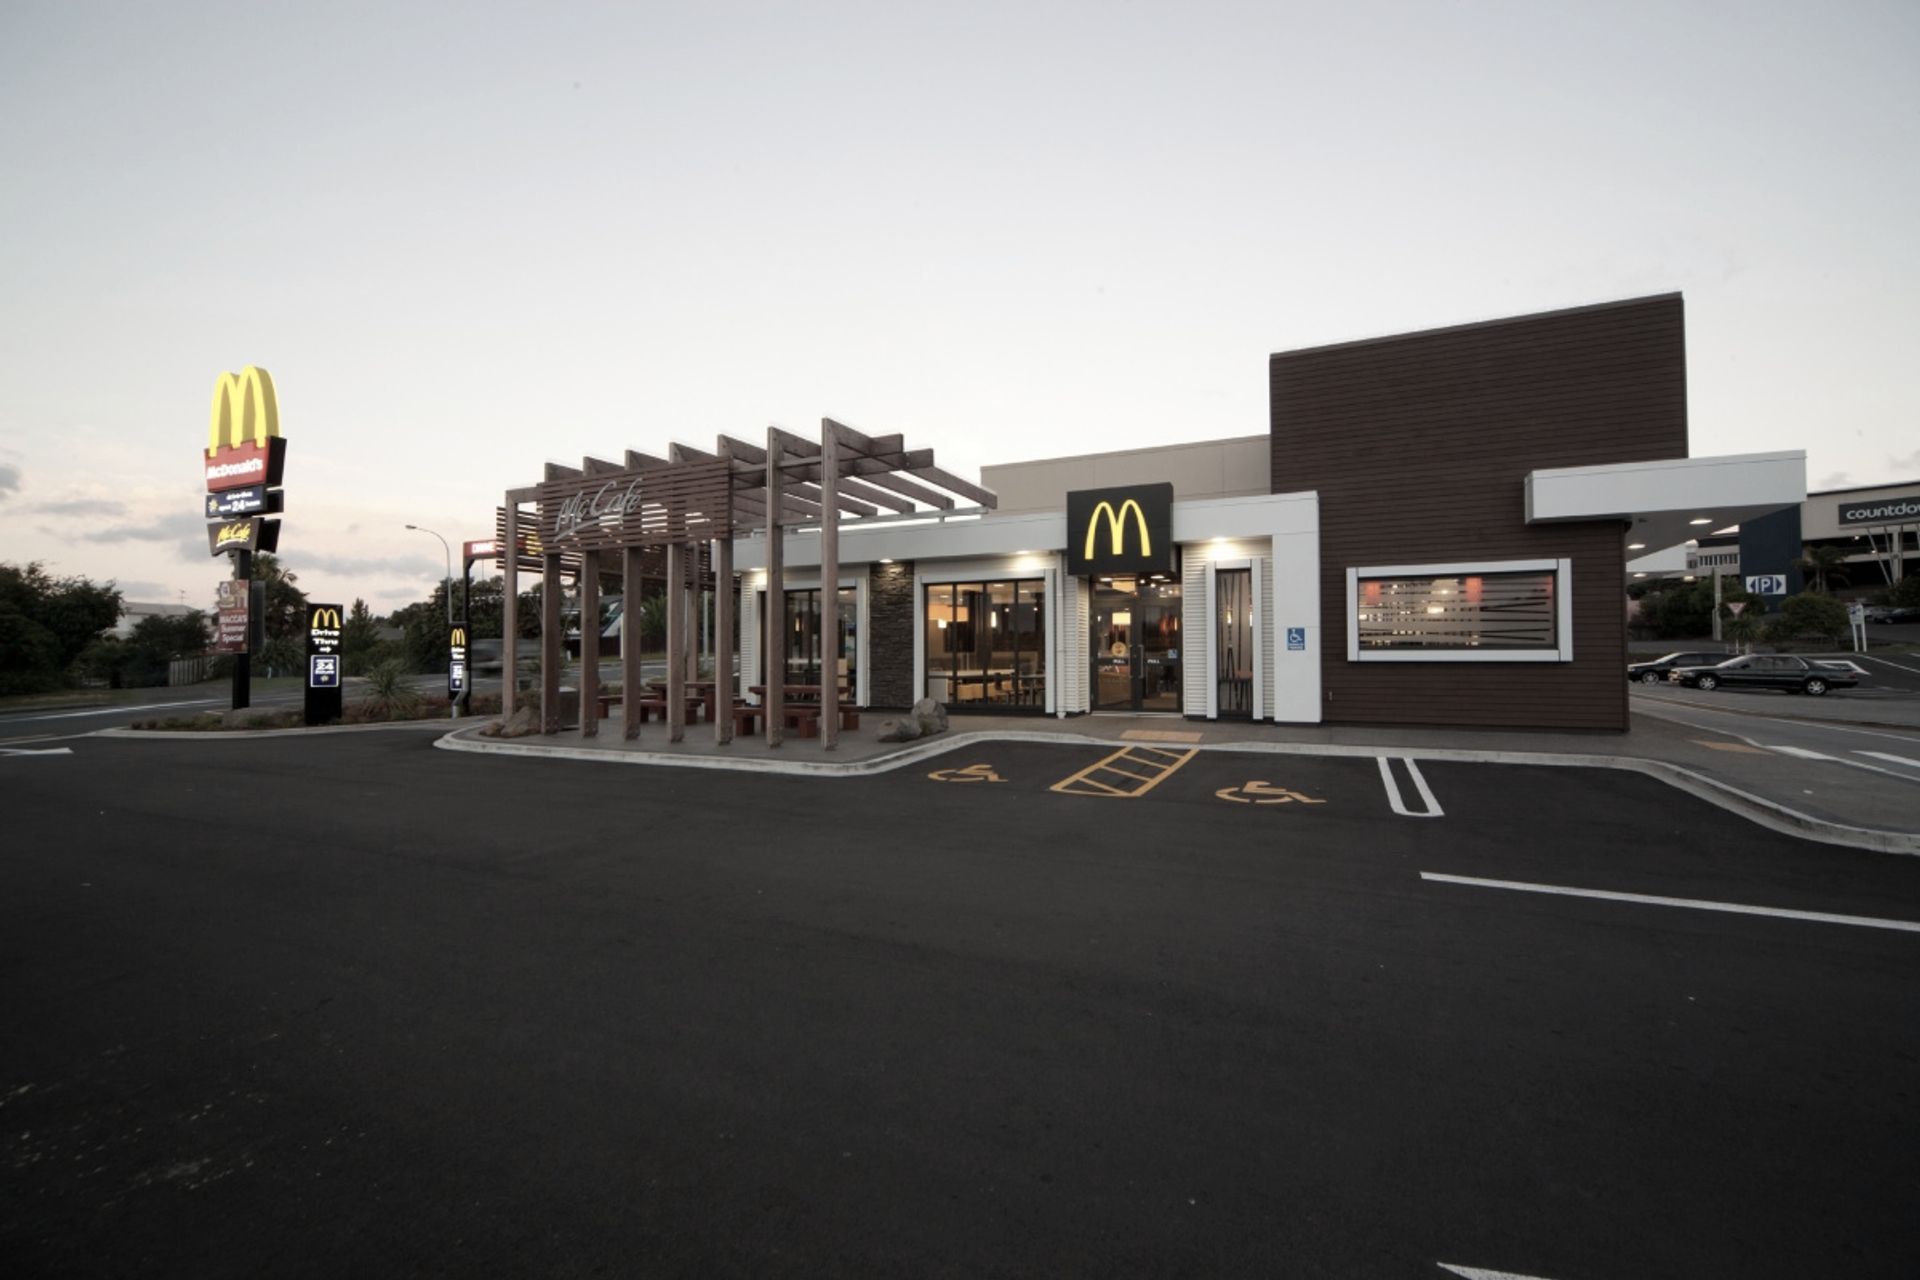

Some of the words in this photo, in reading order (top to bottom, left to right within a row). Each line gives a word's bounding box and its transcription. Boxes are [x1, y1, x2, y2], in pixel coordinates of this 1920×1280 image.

[206, 458, 263, 480] McDonald's
[231, 500, 246, 512] 24
[1846, 502, 1920, 520] countdo
[311, 629, 340, 637] Drive
[312, 637, 339, 646] Thru

◇ ◇ ◇ ◇ ◇

→ PROBLEM: For this exercise, return the records above in full and exactly, omitting the images.

→ EXERCISE OUTPUT:
Some of the words in this photo, in reading order (top to bottom, left to right within a row). Each line gives a word's bounding box and its transcription. Boxes are [x1, y1, x2, y2], in pixel coordinates of this 1920×1280 image.

[206, 458, 263, 480] McDonald's
[231, 500, 246, 512] 24
[1846, 502, 1920, 520] countdo
[311, 629, 340, 637] Drive
[312, 637, 339, 646] Thru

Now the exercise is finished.